TASK GOAL
Print the records below word for word, but leave out the pictures.

------------------------------------------------------------------------

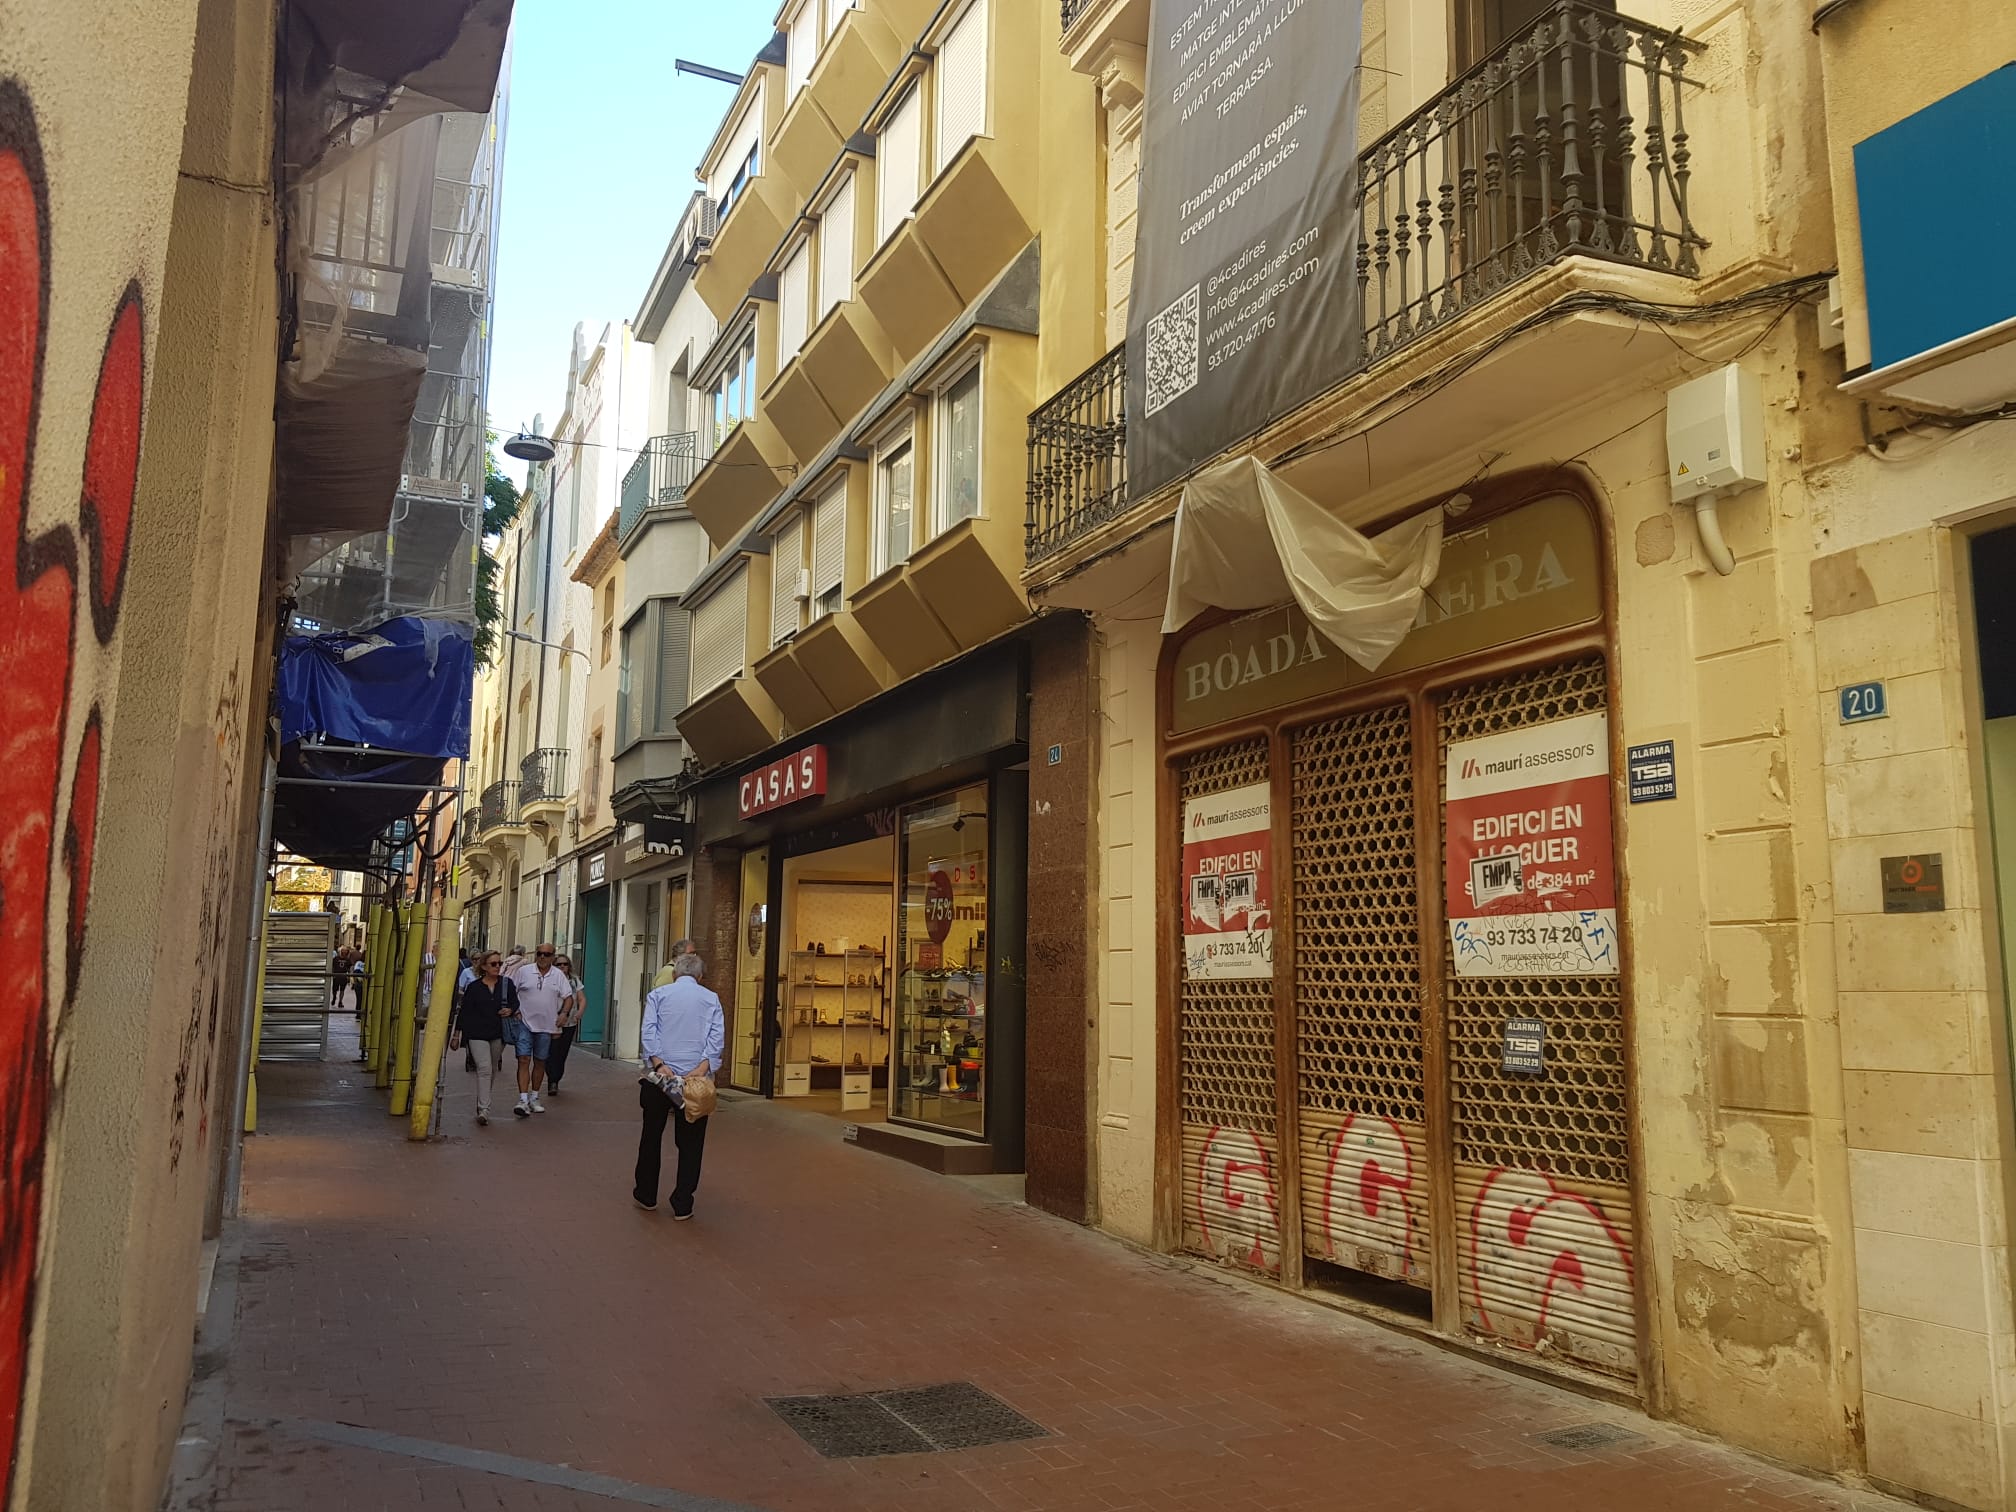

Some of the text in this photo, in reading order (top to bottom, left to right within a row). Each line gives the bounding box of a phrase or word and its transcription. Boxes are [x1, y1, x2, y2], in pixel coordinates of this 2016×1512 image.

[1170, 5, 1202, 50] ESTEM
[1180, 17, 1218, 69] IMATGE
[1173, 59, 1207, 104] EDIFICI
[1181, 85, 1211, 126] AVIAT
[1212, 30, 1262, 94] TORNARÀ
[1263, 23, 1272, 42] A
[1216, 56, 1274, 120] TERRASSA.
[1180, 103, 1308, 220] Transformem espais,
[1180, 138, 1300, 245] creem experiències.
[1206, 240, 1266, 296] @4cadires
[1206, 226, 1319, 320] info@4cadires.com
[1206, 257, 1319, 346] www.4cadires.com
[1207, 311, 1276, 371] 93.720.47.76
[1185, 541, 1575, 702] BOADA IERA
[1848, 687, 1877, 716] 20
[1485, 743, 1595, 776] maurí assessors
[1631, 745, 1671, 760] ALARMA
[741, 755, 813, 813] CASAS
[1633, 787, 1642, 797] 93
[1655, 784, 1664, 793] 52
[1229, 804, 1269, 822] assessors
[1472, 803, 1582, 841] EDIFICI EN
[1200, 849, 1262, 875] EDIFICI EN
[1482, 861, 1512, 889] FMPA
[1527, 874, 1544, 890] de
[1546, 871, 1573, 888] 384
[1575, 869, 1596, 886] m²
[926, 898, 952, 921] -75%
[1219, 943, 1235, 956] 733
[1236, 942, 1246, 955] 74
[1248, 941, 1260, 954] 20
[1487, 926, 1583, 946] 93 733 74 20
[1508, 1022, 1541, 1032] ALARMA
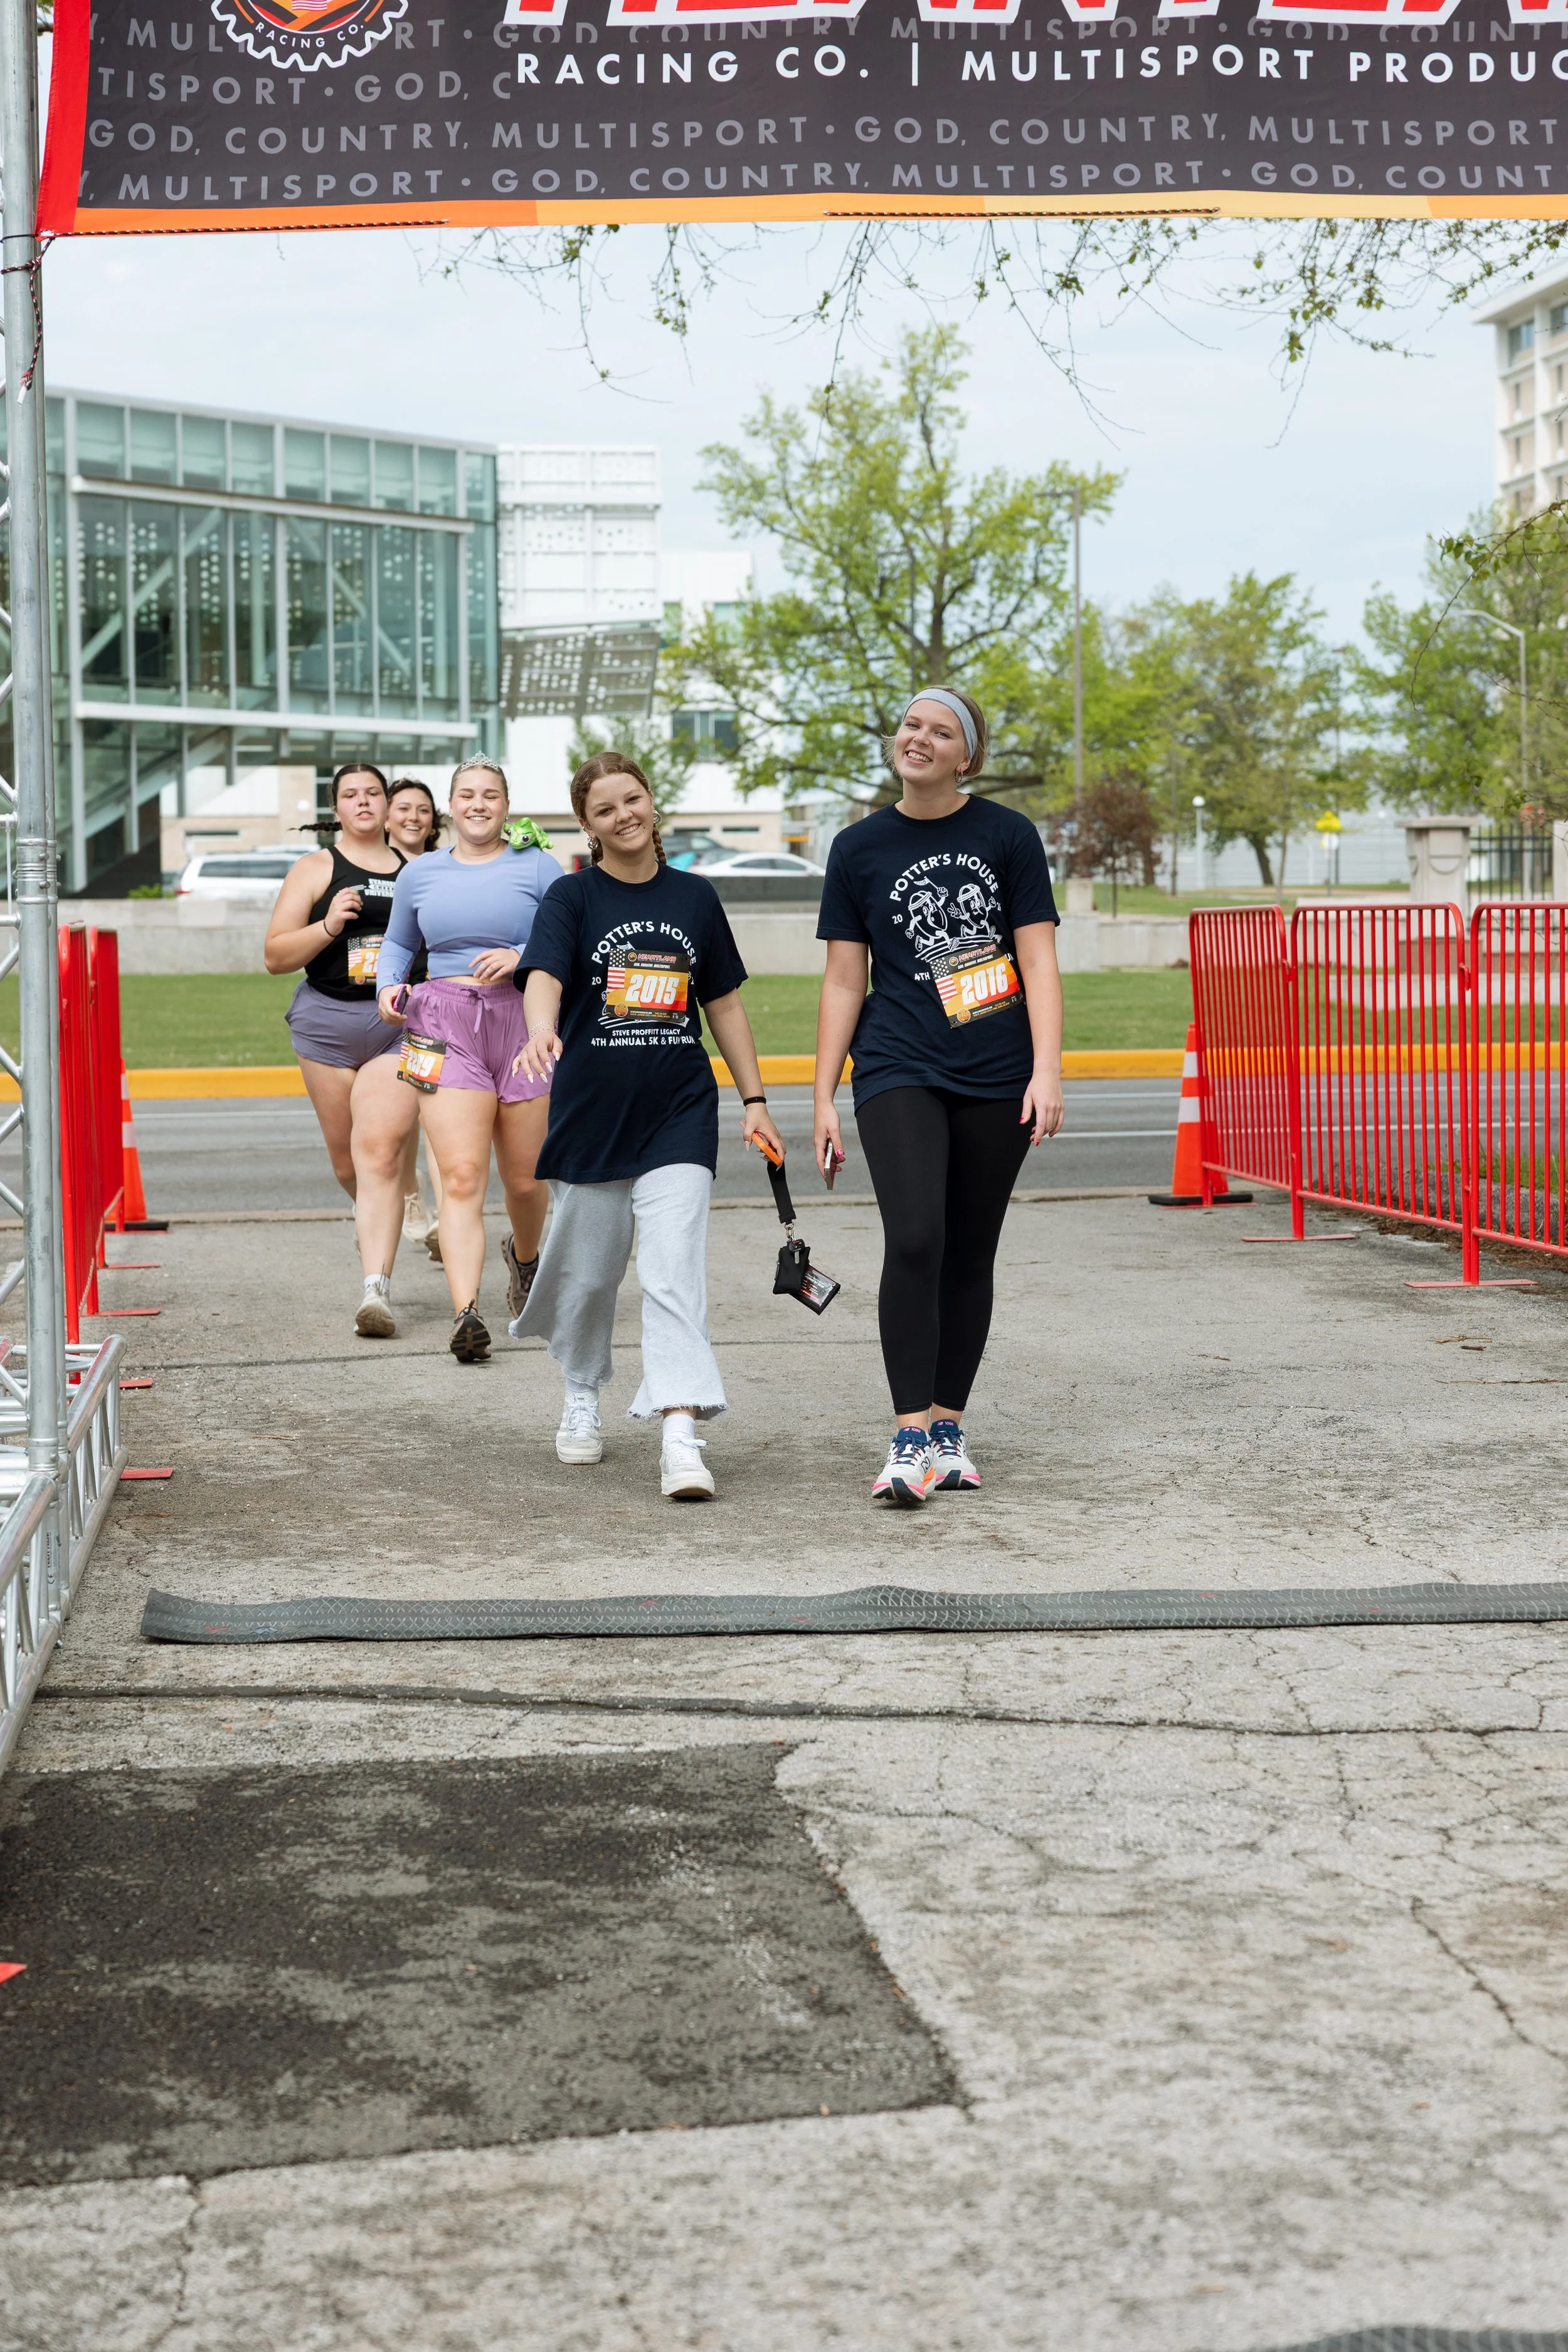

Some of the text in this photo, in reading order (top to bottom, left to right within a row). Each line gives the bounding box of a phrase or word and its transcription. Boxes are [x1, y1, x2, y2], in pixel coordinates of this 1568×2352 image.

------------------------------------------------------------------------

SOLVED PROBLEM
Some of the text in this photo, in reading order (top to bottom, left to right within a row). Each line gives the bounding box of a phrase or word and its transcription. Boxes are [x1, y1, x2, y2], in pixel coordinates of this 2016×1512 image.

[1170, 5, 1202, 50] ESTEM
[1180, 17, 1218, 69] IMATGE
[1173, 59, 1207, 104] EDIFICI
[1181, 85, 1211, 126] AVIAT
[1212, 30, 1262, 94] TORNARÀ
[1263, 23, 1272, 42] A
[1216, 56, 1274, 120] TERRASSA.
[1180, 103, 1308, 220] Transformem espais,
[1180, 138, 1300, 245] creem experiències.
[1206, 240, 1266, 296] @4cadires
[1206, 226, 1319, 320] info@4cadires.com
[1206, 257, 1319, 346] www.4cadires.com
[1207, 311, 1276, 371] 93.720.47.76
[1185, 541, 1575, 702] BOADA IERA
[1848, 687, 1877, 716] 20
[1485, 743, 1595, 776] maurí assessors
[1631, 745, 1671, 760] ALARMA
[741, 755, 813, 813] CASAS
[1633, 787, 1642, 797] 93
[1655, 784, 1664, 793] 52
[1229, 804, 1269, 822] assessors
[1472, 803, 1582, 841] EDIFICI EN
[1200, 849, 1262, 875] EDIFICI EN
[1482, 861, 1512, 889] FMPA
[1527, 874, 1544, 890] de
[1546, 871, 1573, 888] 384
[1575, 869, 1596, 886] m²
[926, 898, 952, 921] -75%
[1219, 943, 1235, 956] 733
[1236, 942, 1246, 955] 74
[1248, 941, 1260, 954] 20
[1487, 926, 1583, 946] 93 733 74 20
[1508, 1022, 1541, 1032] ALARMA

Some of the text in this photo, in reading order (top to bottom, left to right within a row). Each line gives the bounding box of a phrase or word and its transcription. Boxes are [x1, y1, x2, y2], in pixel coordinates of this 1568×2352 image.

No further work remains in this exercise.